On était au 10 février. Depuis trois jours, James Burbank était revenu à Castle-House, et Texar à la Crique-Noire, après l’affaire de Saint-Augustine.

Il va de soi que, le lendemain même, M. Stannard et sa fille avaient reçu un petit mot envoyé de Camdless-Bay, qui leur faisait sommairement connaître ce que marquait la dernière lettre de Gilbert. Ces nouvelles n’arrivaient pas trop tôt pour rassurer miss Alice, dontla vie se passait dans une continuelle inquiétude depuis le début de cette lutte acharnée entre le Sud et le Nord des États-Unis.

L’embarcation, gréée d’une voile latine, filait rapidement. Avant un quart d’heure, elle serait au port de Jacksonville. Le régisseur n’avait donc plus que peu de temps pour finir de développer sa thèse favorite, et il ne s’en fit pas faute.

«Non, Zermah, reprit-il, non! La majorité, assurée aux noirs, n’eût rien changé à l’état des choses. Et, je dis plus, quels que soient les résultats de la guerre, on en reviendra toujours à l’esclavage, parce qu’il faut des esclaves pour le service des plantations.

– Ce n’est pas le sentiment de monsieur Burbank, vous le savez bien, répondit Zermah.

– Je le sais, mais j’ose dire que monsieur Burbank se trompe, sauf le respect que j’ai pour lui. Un noir doit faire partie du domaine au même titre que les animaux ou les instruments de culture. Si un cheval pouvait s’en aller lorsqu’il lui plaît, si une charrue avait le droit de se mettre, quand il lui convient, en d’autres mains que celles de son propriétaire, il n’y aurait plus d’exploitation possible. Que monsieur Burbank affranchisse ses esclaves, et il verra ce que deviendra Camdless-Bay!

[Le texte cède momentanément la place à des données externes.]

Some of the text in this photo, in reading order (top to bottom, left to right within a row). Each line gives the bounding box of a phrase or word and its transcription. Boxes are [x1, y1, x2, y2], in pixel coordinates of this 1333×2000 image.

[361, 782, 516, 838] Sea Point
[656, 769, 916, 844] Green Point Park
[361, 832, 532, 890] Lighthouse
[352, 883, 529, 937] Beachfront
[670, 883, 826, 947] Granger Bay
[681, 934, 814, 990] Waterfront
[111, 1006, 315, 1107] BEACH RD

– Il l’aurait déjà fait, répondit Zermah, si les circonstances le lui eussent permis, vous ne l’ignorez pas, monsieur Perry. Et voulez-vous savoir ce qui serait arrivé si l’affranchissement des esclaves avait été proclamé à Camdless-Bay? Pas un seul noir n’eût quitté la plantation, et rien n’aurait été changé, si ce n’est le droit de les traiter comme des bêtes de somme. Or, comme vous n’avez jamais usé de ce droit-là, après l’émancipation, Camdless-Bay serait restée ce qu’elle était avant.

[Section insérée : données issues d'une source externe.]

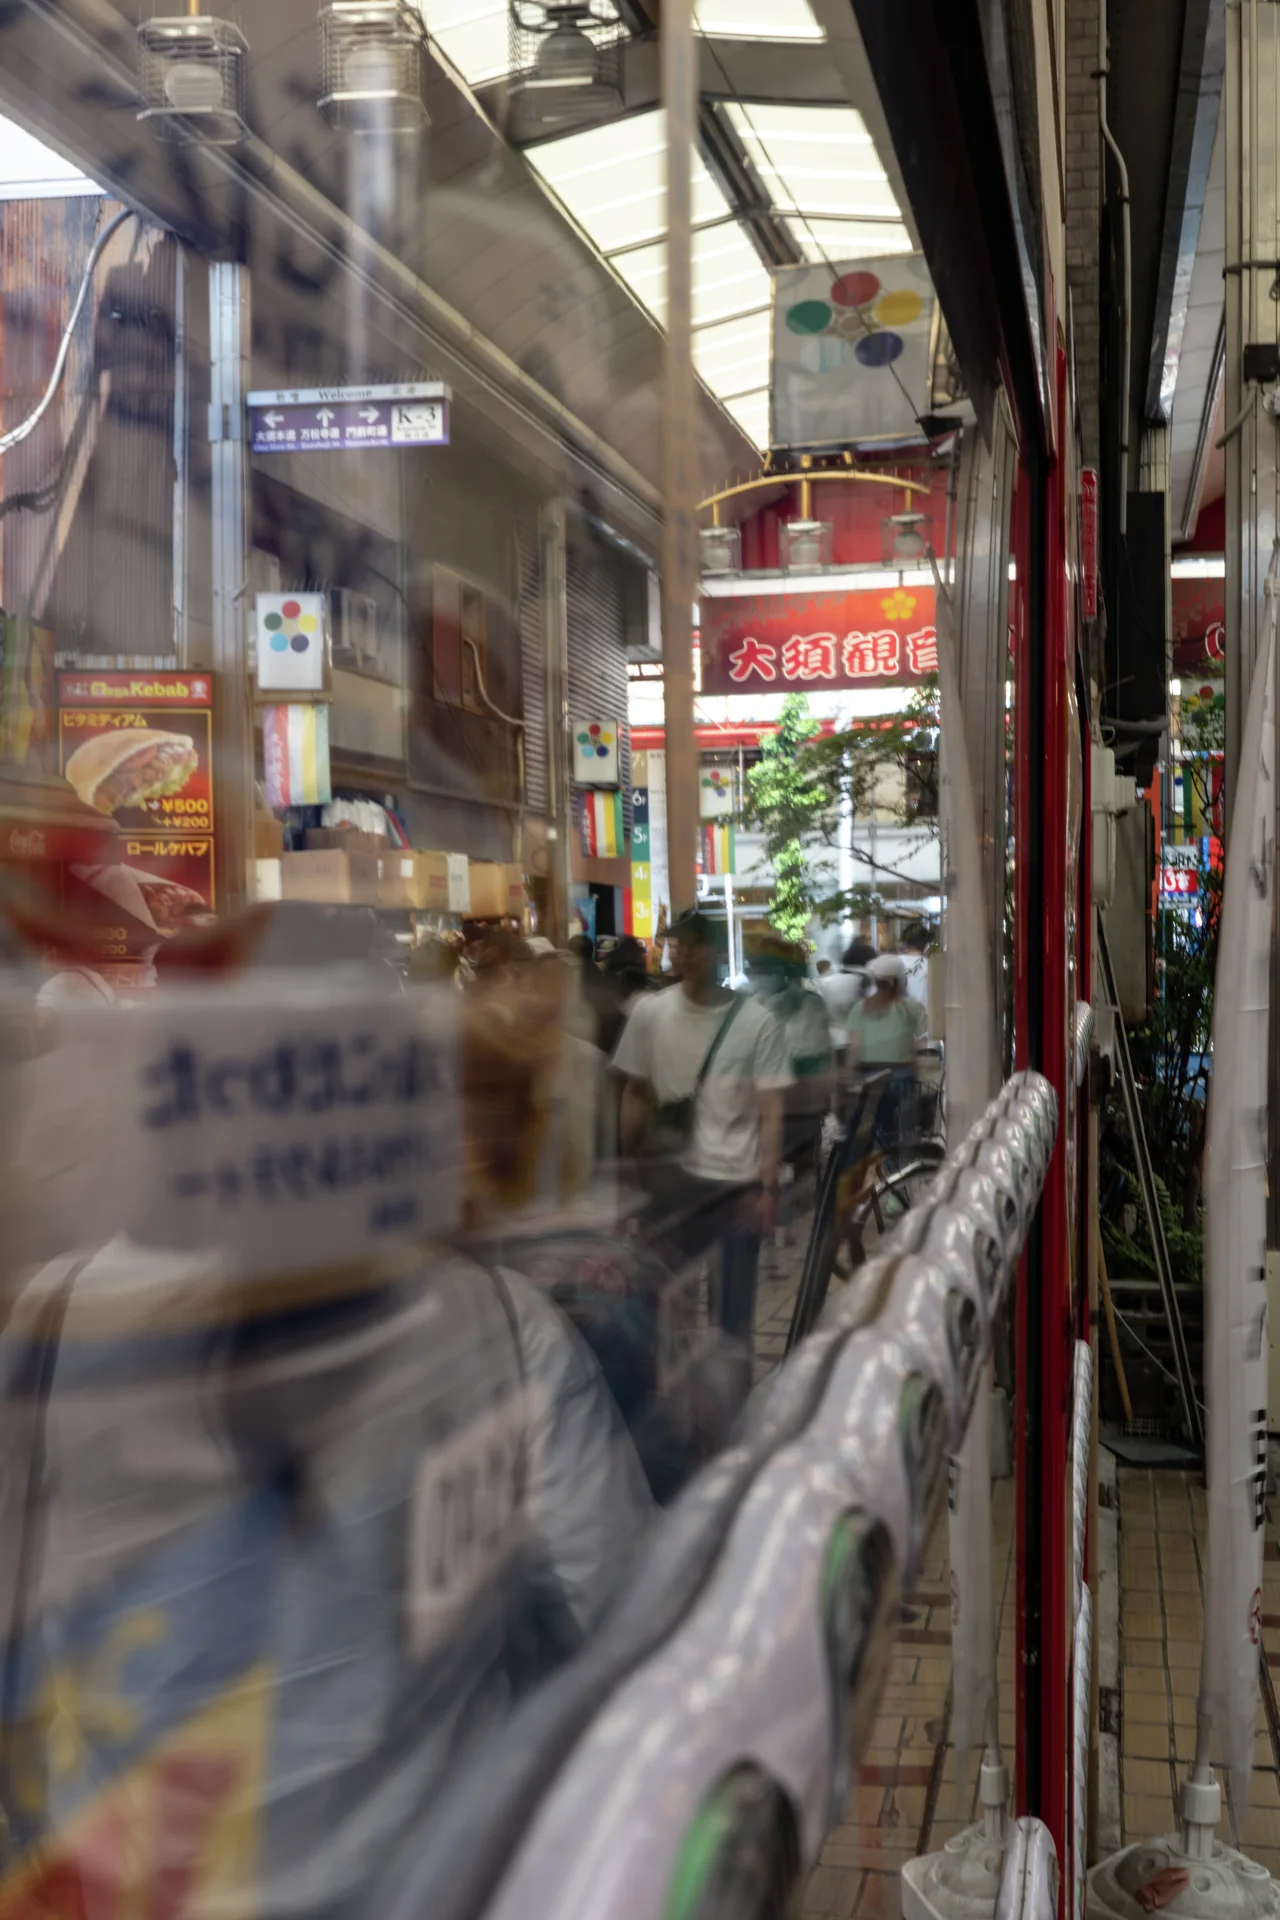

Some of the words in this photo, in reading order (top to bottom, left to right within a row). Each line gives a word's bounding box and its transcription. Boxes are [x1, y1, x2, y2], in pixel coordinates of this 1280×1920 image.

[318, 388, 372, 401] Welcome
[398, 404, 437, 424] K-3
[130, 681, 189, 697] Kebab
[162, 798, 209, 814] ¥500

– Croyez-vous, par hasard, m’avoir converti à vos idées, Zermah? demanda le régisseur.

– En aucune façon, monsieur. D’ailleurs, ce serait inutile et pour une raison bien simple.

– Laquelle?

– C’est qu’au fond, vous pensez là-dessus exactement comme monsieur Burbank, monsieur Carrol, monsieur Stannard, comme tous ceux qui ont le cœur généreux et l’esprit juste.

– Jamais, Zermah, jamais! Et je prétends même que ce que j’en dis, c’est dans l’intérêt des noirs! Si on les livre à leur seule volonté, ils dépériront, et la race en sera bientôt perdue.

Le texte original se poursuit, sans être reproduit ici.